As you print the data below, keep every line exactly as it is and leave the images behind.
- - - - - - -
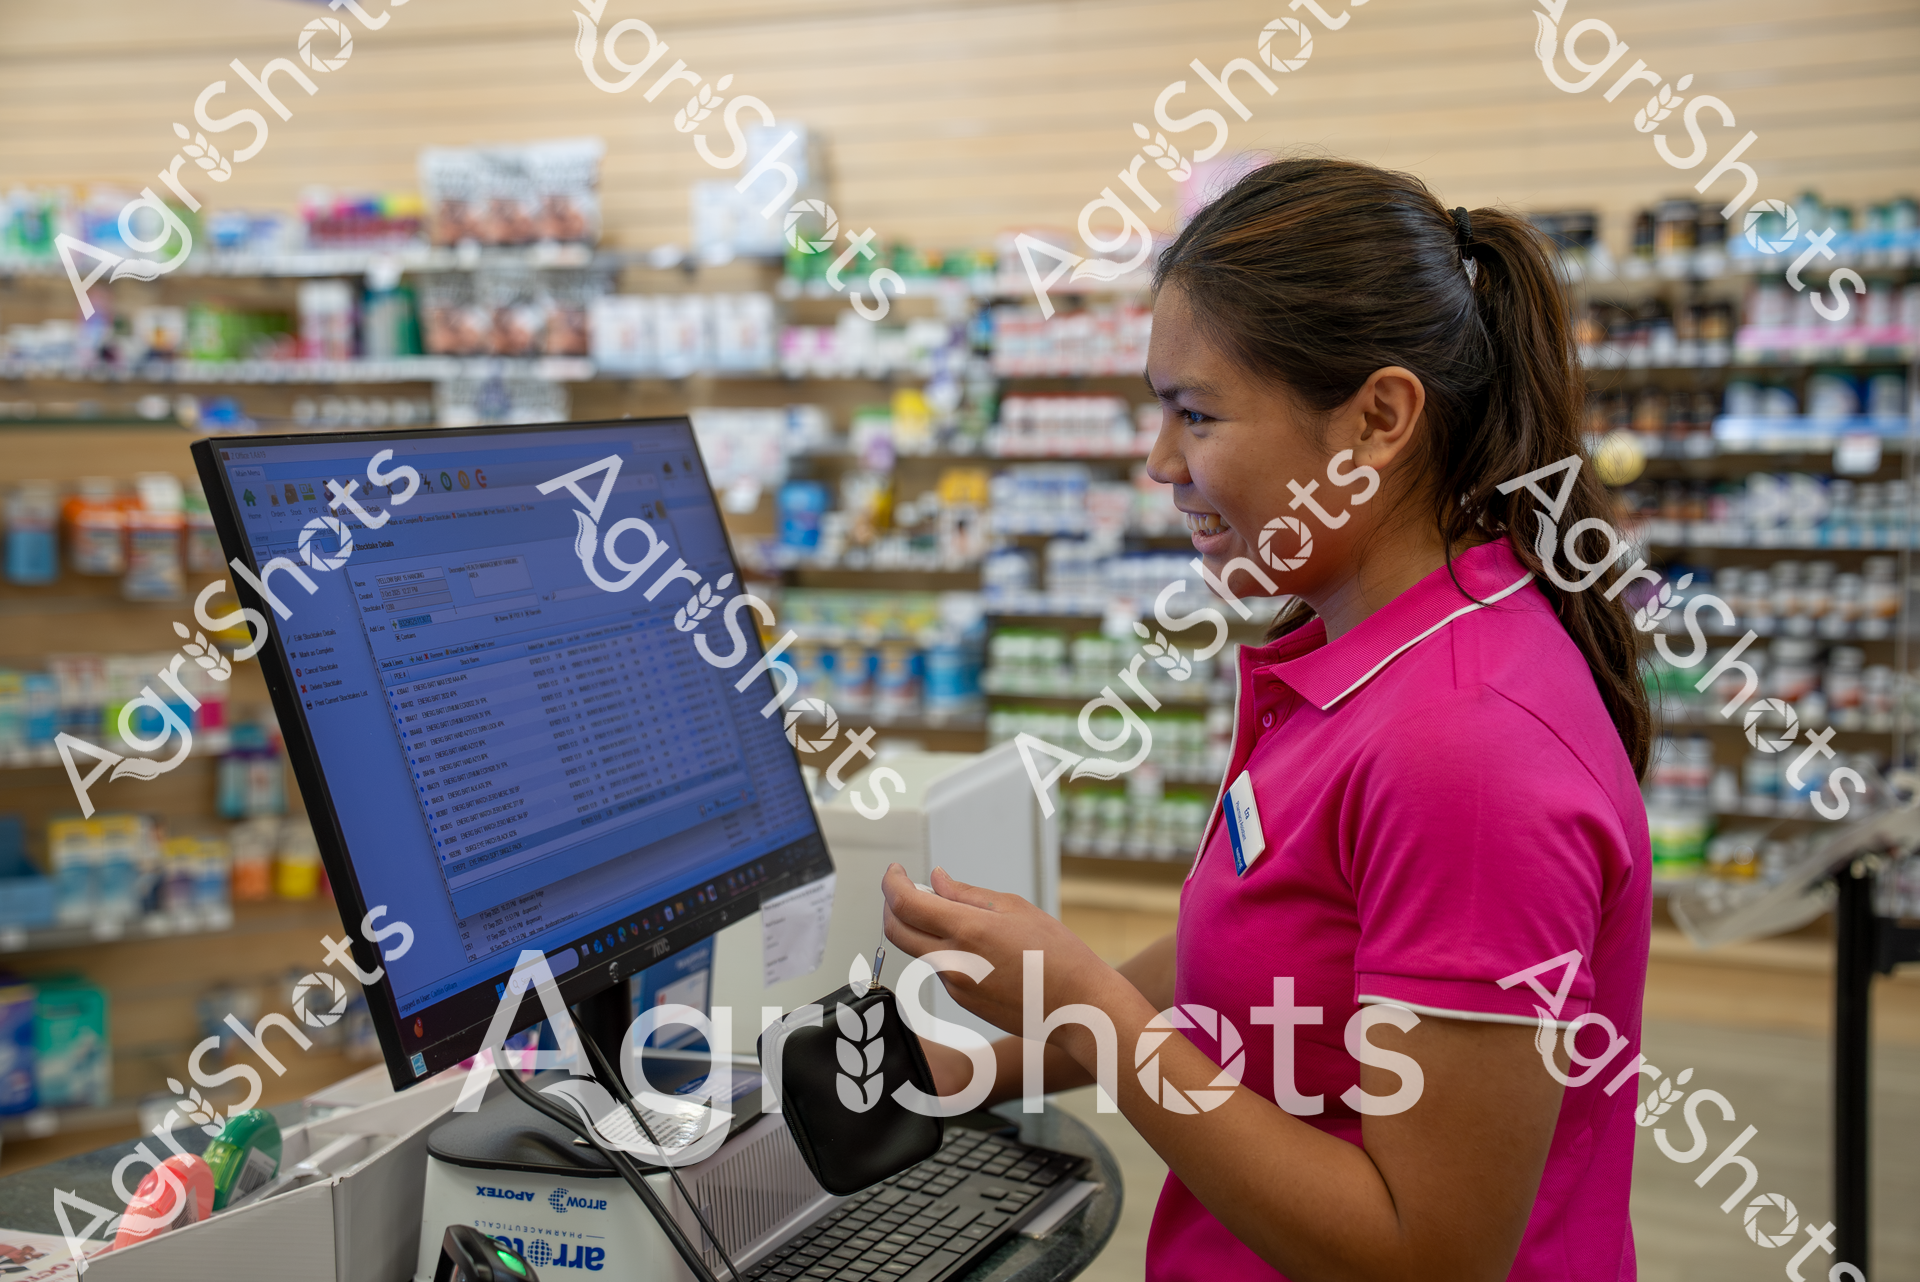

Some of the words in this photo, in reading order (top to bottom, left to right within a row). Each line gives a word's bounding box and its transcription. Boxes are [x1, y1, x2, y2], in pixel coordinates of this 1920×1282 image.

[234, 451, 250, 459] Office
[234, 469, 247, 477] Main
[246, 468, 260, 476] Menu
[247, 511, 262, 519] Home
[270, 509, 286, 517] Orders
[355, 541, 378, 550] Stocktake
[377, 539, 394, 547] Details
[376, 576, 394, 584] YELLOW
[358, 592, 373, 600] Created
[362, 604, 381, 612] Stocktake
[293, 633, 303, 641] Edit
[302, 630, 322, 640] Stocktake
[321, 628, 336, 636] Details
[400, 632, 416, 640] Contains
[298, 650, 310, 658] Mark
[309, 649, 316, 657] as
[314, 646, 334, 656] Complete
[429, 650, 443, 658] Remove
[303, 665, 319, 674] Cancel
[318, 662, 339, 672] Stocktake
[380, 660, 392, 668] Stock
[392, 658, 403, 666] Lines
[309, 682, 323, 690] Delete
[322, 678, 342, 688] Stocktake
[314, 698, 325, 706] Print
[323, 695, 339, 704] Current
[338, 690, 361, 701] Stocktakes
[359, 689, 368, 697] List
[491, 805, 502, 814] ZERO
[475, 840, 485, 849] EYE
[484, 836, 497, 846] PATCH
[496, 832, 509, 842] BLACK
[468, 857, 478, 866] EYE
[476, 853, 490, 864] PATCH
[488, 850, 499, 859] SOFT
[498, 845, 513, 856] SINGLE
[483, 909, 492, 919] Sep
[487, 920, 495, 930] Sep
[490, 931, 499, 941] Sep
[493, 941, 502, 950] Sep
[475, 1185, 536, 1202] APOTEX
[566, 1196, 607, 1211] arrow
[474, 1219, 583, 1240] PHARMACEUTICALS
- - - - - - -
## EXERCISE ANSWER
Some of the words in this photo, in reading order (top to bottom, left to right within a row). Each line gives a word's bounding box and its transcription. Boxes are [x1, y1, x2, y2], in pixel coordinates of this 1920×1282 image.

[234, 451, 250, 459] Office
[234, 469, 247, 477] Main
[246, 468, 260, 476] Menu
[247, 511, 262, 519] Home
[270, 509, 286, 517] Orders
[355, 541, 378, 550] Stocktake
[377, 539, 394, 547] Details
[376, 576, 394, 584] YELLOW
[358, 592, 373, 600] Created
[362, 604, 381, 612] Stocktake
[293, 633, 303, 641] Edit
[302, 630, 322, 640] Stocktake
[321, 628, 336, 636] Details
[400, 632, 416, 640] Contains
[298, 650, 310, 658] Mark
[309, 649, 316, 657] as
[314, 646, 334, 656] Complete
[429, 650, 443, 658] Remove
[303, 665, 319, 674] Cancel
[318, 662, 339, 672] Stocktake
[380, 660, 392, 668] Stock
[392, 658, 403, 666] Lines
[309, 682, 323, 690] Delete
[322, 678, 342, 688] Stocktake
[314, 698, 325, 706] Print
[323, 695, 339, 704] Current
[338, 690, 361, 701] Stocktakes
[359, 689, 368, 697] List
[491, 805, 502, 814] ZERO
[475, 840, 485, 849] EYE
[484, 836, 497, 846] PATCH
[496, 832, 509, 842] BLACK
[468, 857, 478, 866] EYE
[476, 853, 490, 864] PATCH
[488, 850, 499, 859] SOFT
[498, 845, 513, 856] SINGLE
[483, 909, 492, 919] Sep
[487, 920, 495, 930] Sep
[490, 931, 499, 941] Sep
[493, 941, 502, 950] Sep
[475, 1185, 536, 1202] APOTEX
[566, 1196, 607, 1211] arrow
[474, 1219, 583, 1240] PHARMACEUTICALS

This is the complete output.